Annotated photo localization data:
○ ○ ○ ○ ○
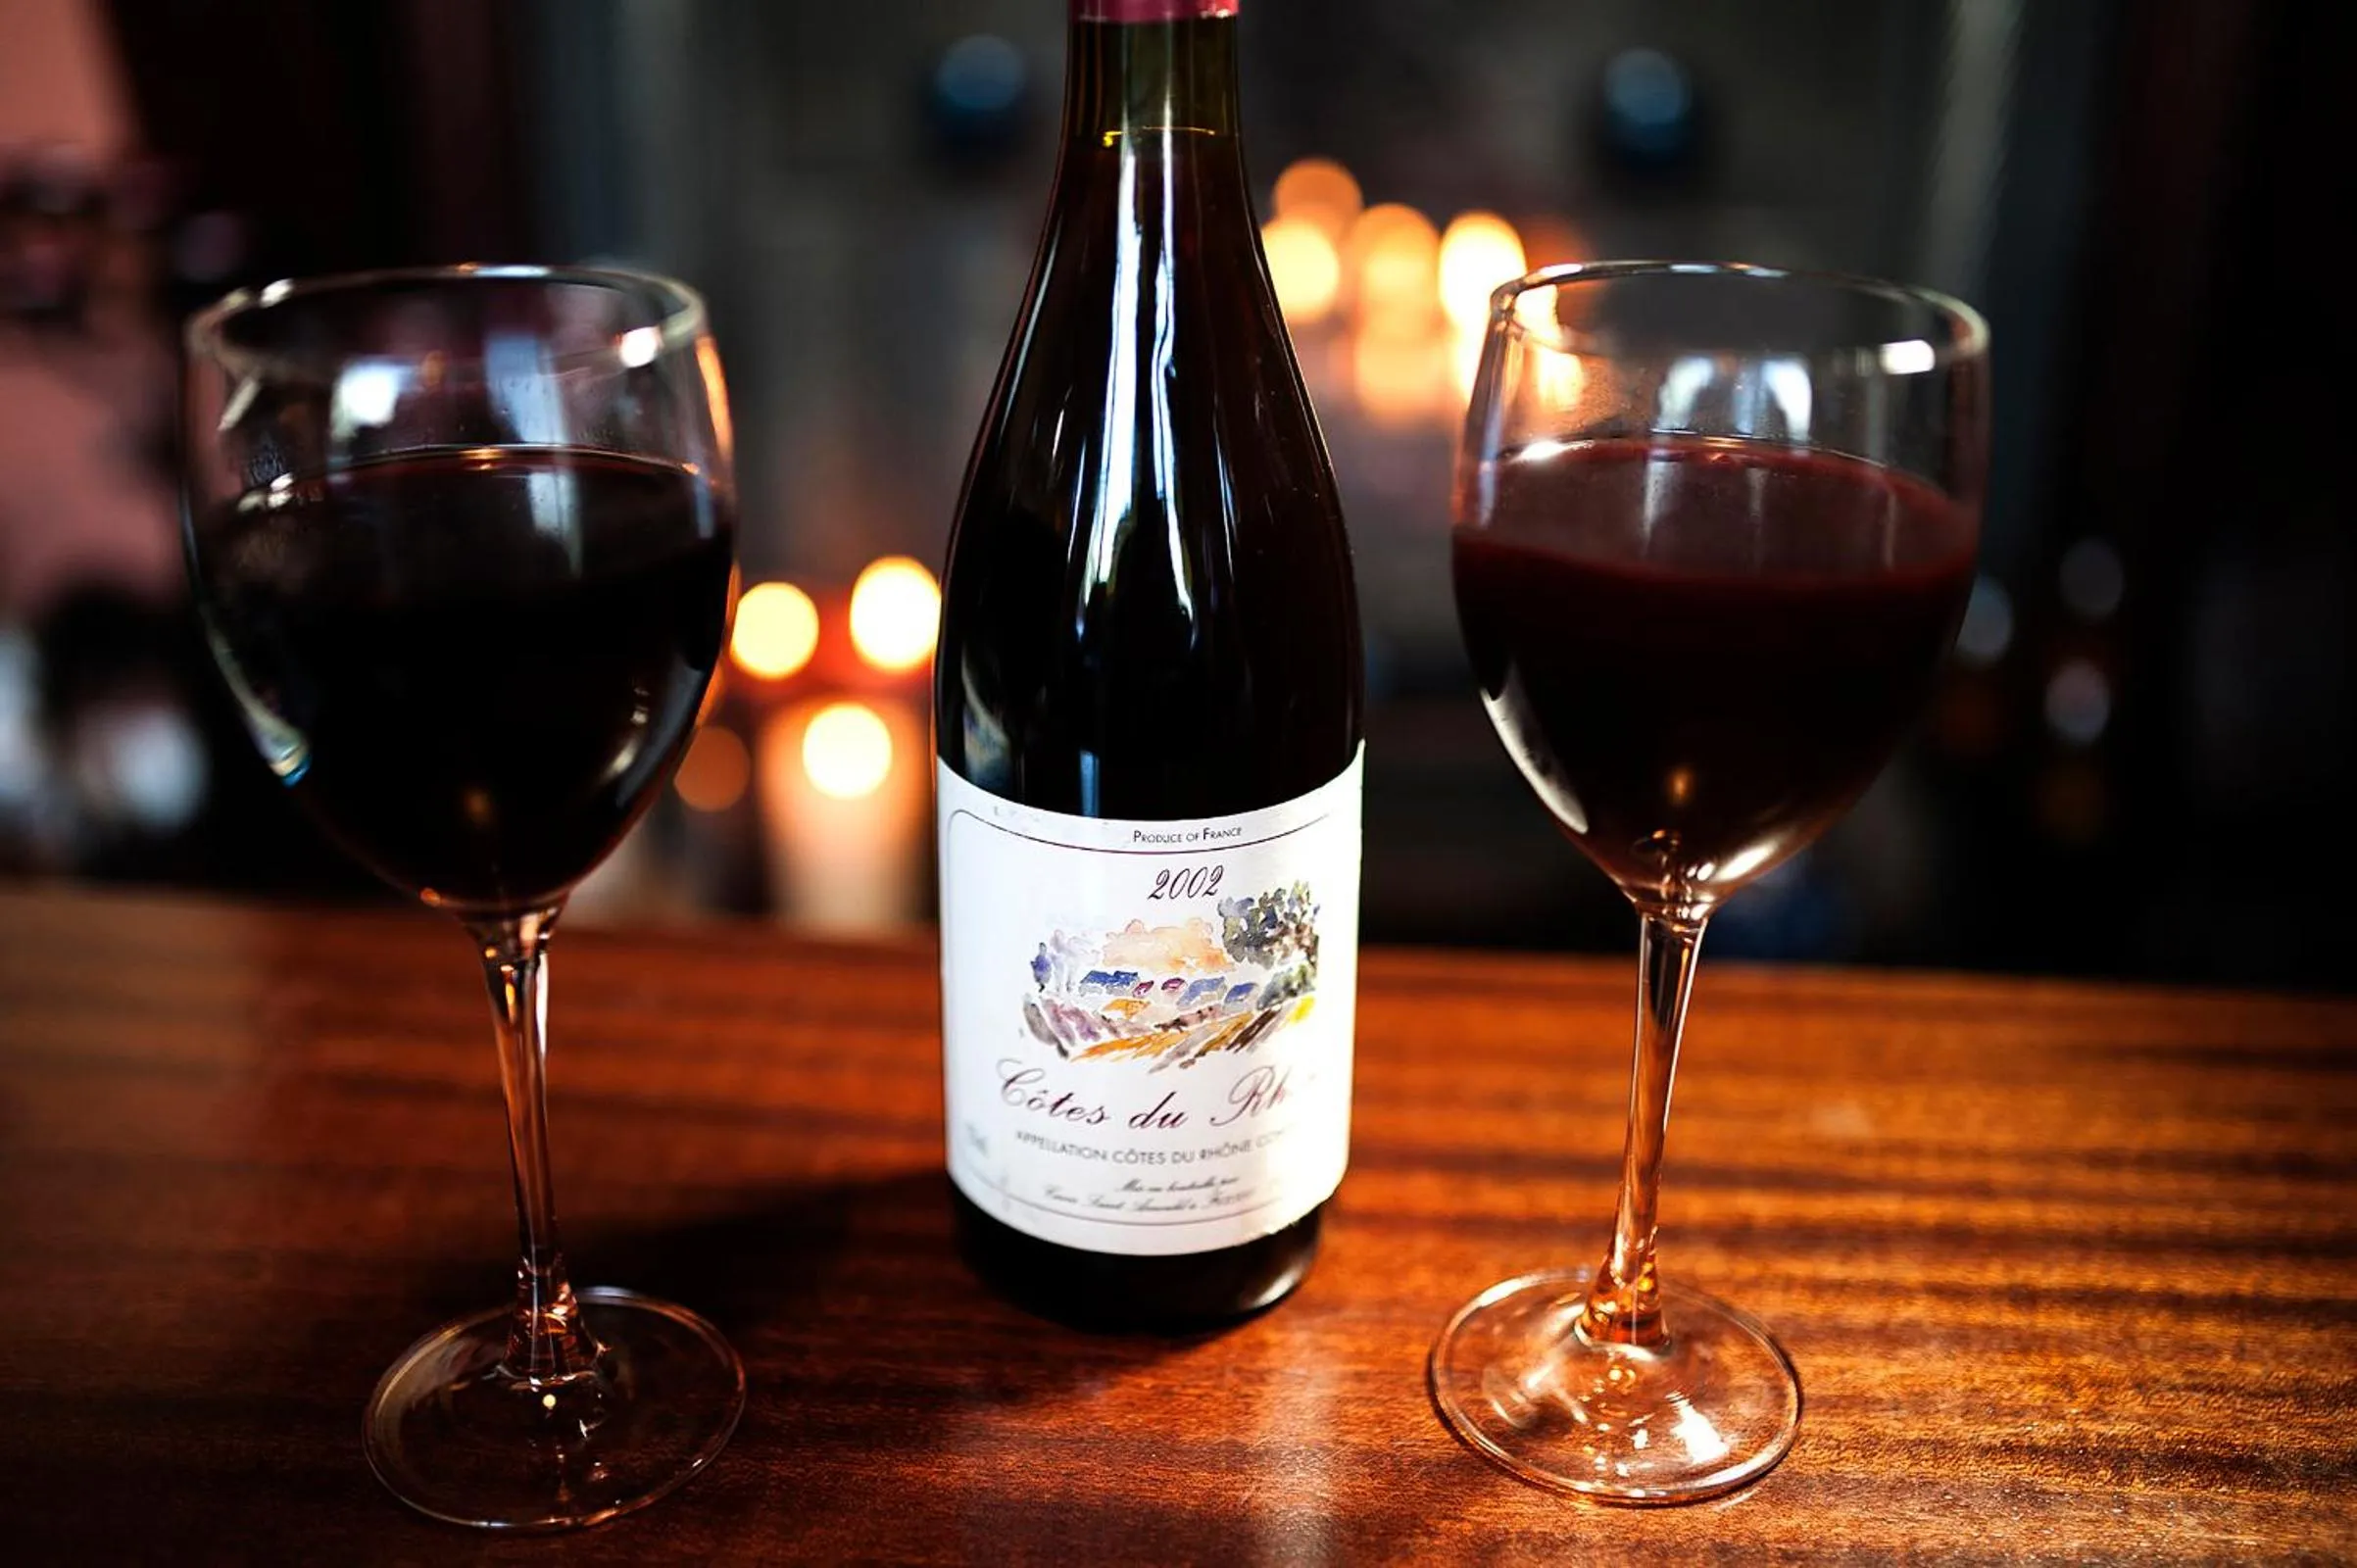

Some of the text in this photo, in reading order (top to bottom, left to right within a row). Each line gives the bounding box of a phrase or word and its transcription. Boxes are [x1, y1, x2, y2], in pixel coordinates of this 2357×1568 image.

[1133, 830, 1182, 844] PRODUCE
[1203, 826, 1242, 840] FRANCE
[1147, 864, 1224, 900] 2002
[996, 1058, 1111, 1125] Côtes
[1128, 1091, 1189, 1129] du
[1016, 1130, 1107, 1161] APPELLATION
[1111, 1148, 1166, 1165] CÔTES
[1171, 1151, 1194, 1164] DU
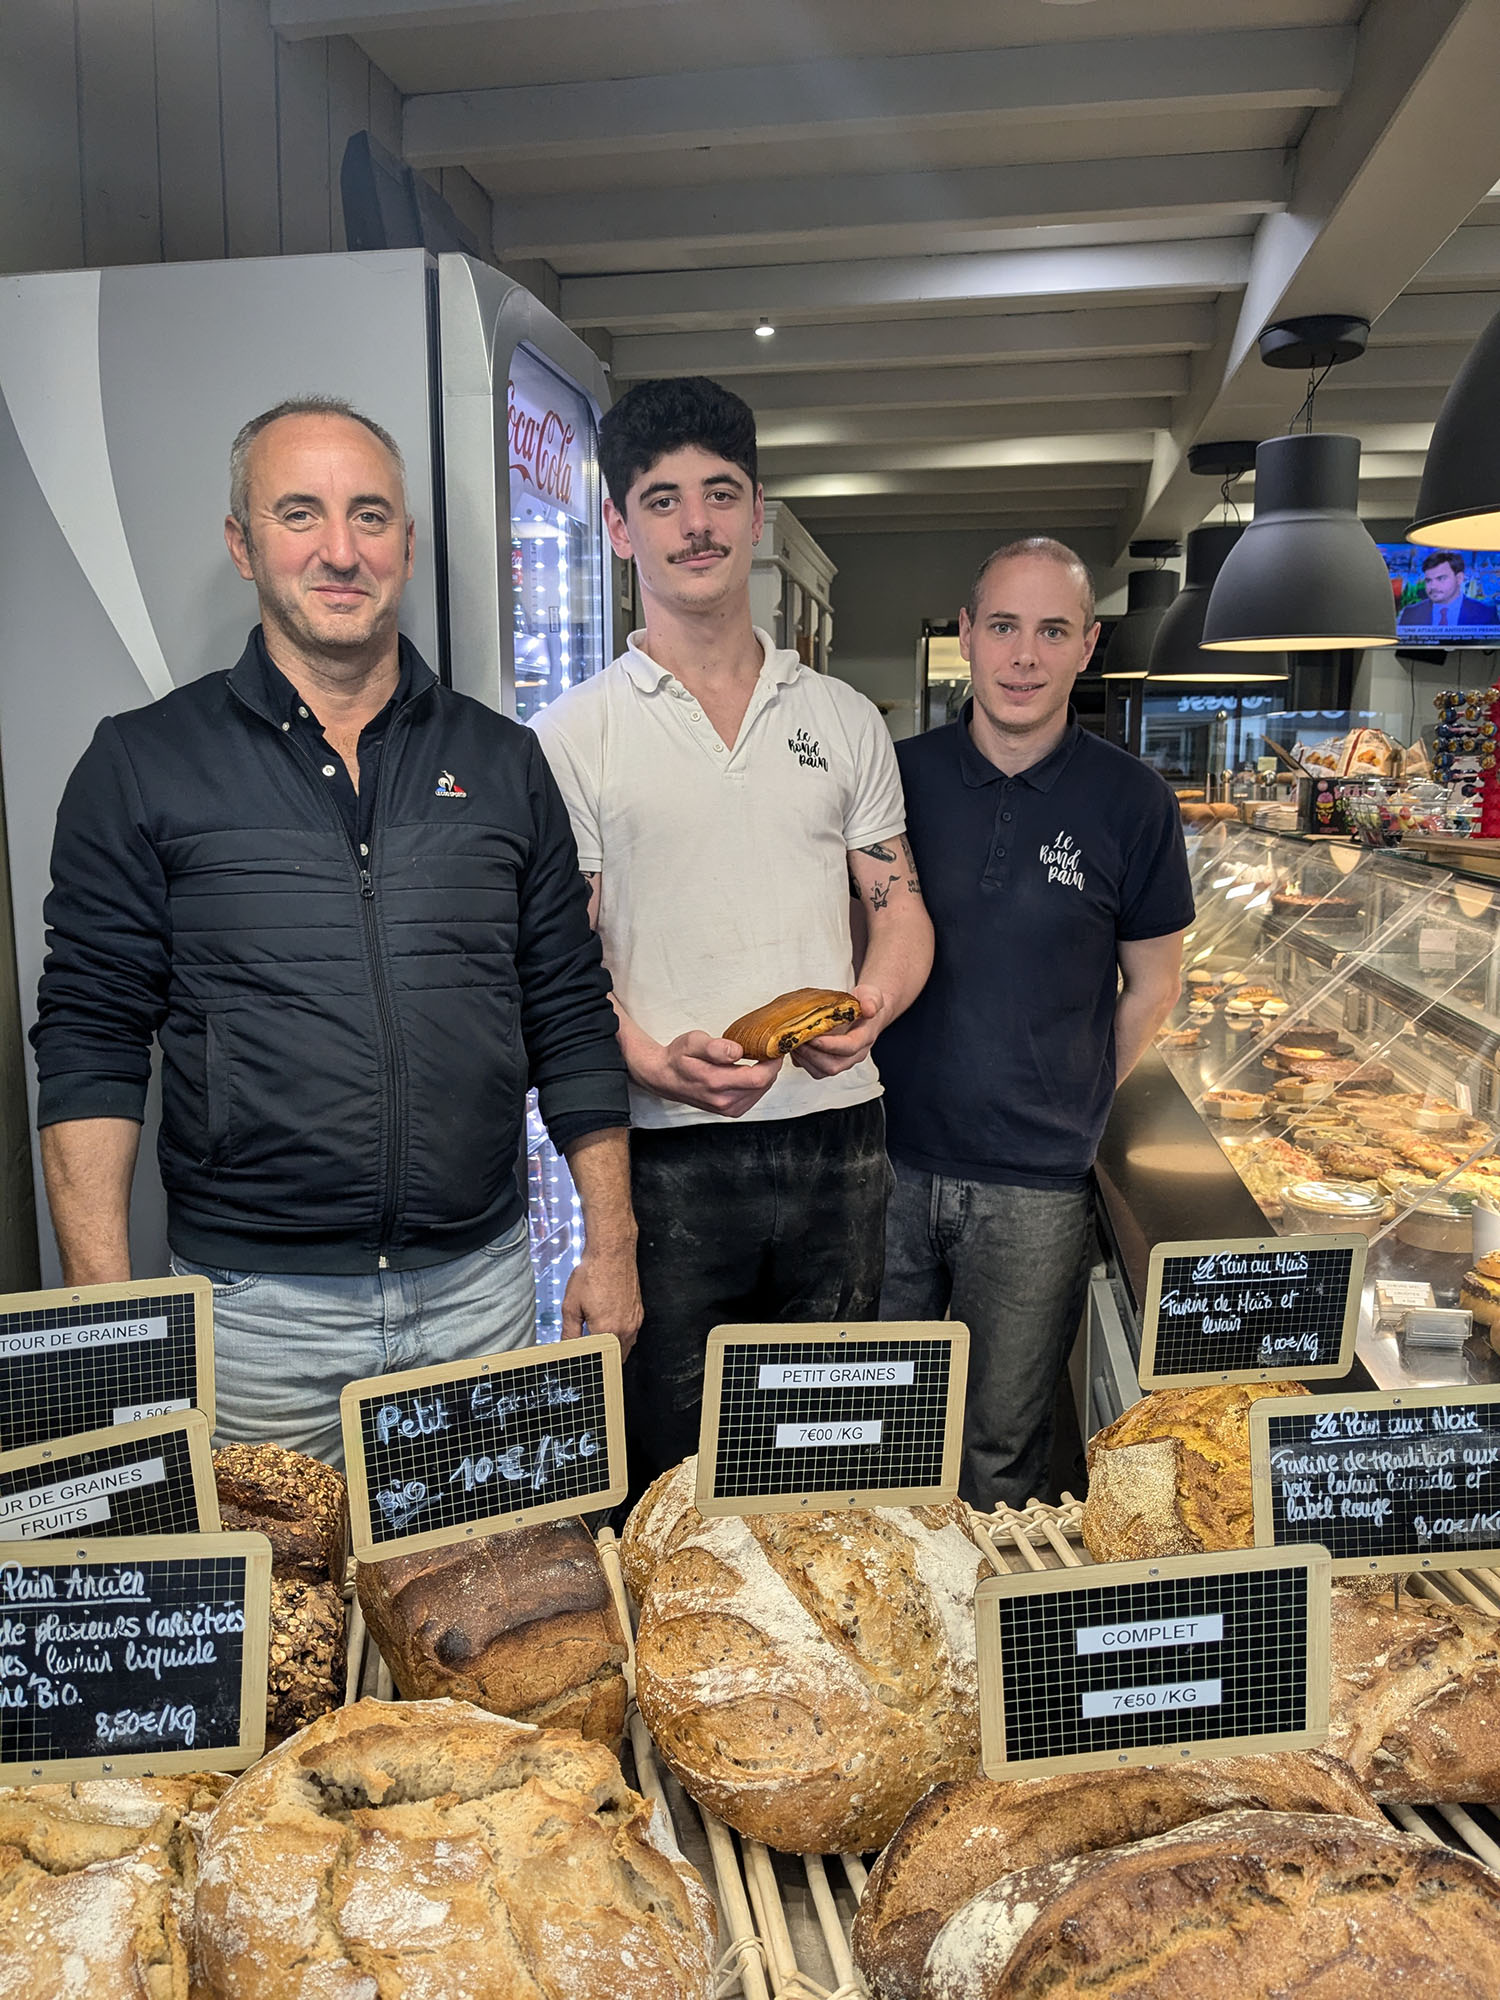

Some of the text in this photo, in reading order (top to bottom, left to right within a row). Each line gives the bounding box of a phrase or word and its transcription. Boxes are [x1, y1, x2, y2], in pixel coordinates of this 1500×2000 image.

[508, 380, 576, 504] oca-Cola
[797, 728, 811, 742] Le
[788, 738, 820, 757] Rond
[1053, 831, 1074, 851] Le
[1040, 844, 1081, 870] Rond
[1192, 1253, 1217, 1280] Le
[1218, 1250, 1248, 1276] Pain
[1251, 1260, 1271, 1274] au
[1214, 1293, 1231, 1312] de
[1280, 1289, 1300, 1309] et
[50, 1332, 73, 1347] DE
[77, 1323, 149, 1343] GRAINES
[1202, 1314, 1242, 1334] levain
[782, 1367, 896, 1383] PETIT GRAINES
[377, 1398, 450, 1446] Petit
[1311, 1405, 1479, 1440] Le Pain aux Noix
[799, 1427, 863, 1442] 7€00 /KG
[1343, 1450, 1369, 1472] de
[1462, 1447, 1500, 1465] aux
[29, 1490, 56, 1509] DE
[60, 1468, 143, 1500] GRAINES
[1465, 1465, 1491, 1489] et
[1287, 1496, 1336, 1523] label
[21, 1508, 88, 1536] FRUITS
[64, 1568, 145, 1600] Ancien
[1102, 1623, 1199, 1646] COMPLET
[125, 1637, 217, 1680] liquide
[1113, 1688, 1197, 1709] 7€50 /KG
○ ○ ○ ○ ○
#### [Exercise brief]
Send back every record exactly as it stands, except the pictures.

#### [Exercise response]
Some of the text in this photo, in reading order (top to bottom, left to right within a row). Each line gives the bounding box of a phrase or word and its transcription. Boxes are [x1, y1, x2, y2], in pixel coordinates of this 2357×1568 image.

[1133, 830, 1182, 844] PRODUCE
[1203, 826, 1242, 840] FRANCE
[1147, 864, 1224, 900] 2002
[996, 1058, 1111, 1125] Côtes
[1128, 1091, 1189, 1129] du
[1016, 1130, 1107, 1161] APPELLATION
[1111, 1148, 1166, 1165] CÔTES
[1171, 1151, 1194, 1164] DU

Some of the text in this photo, in reading order (top to bottom, left to right within a row). Each line gives the bounding box of a phrase or word and its transcription. Boxes are [x1, y1, x2, y2], in pixel coordinates of this 1500×2000 image.

[508, 380, 576, 504] oca-Cola
[797, 728, 811, 742] Le
[788, 738, 820, 757] Rond
[1053, 831, 1074, 851] Le
[1040, 844, 1081, 870] Rond
[1192, 1253, 1217, 1280] Le
[1218, 1250, 1248, 1276] Pain
[1251, 1260, 1271, 1274] au
[1214, 1293, 1231, 1312] de
[1280, 1289, 1300, 1309] et
[50, 1332, 73, 1347] DE
[77, 1323, 149, 1343] GRAINES
[1202, 1314, 1242, 1334] levain
[782, 1367, 896, 1383] PETIT GRAINES
[377, 1398, 450, 1446] Petit
[1311, 1405, 1479, 1440] Le Pain aux Noix
[799, 1427, 863, 1442] 7€00 /KG
[1343, 1450, 1369, 1472] de
[1462, 1447, 1500, 1465] aux
[29, 1490, 56, 1509] DE
[60, 1468, 143, 1500] GRAINES
[1465, 1465, 1491, 1489] et
[1287, 1496, 1336, 1523] label
[21, 1508, 88, 1536] FRUITS
[64, 1568, 145, 1600] Ancien
[1102, 1623, 1199, 1646] COMPLET
[125, 1637, 217, 1680] liquide
[1113, 1688, 1197, 1709] 7€50 /KG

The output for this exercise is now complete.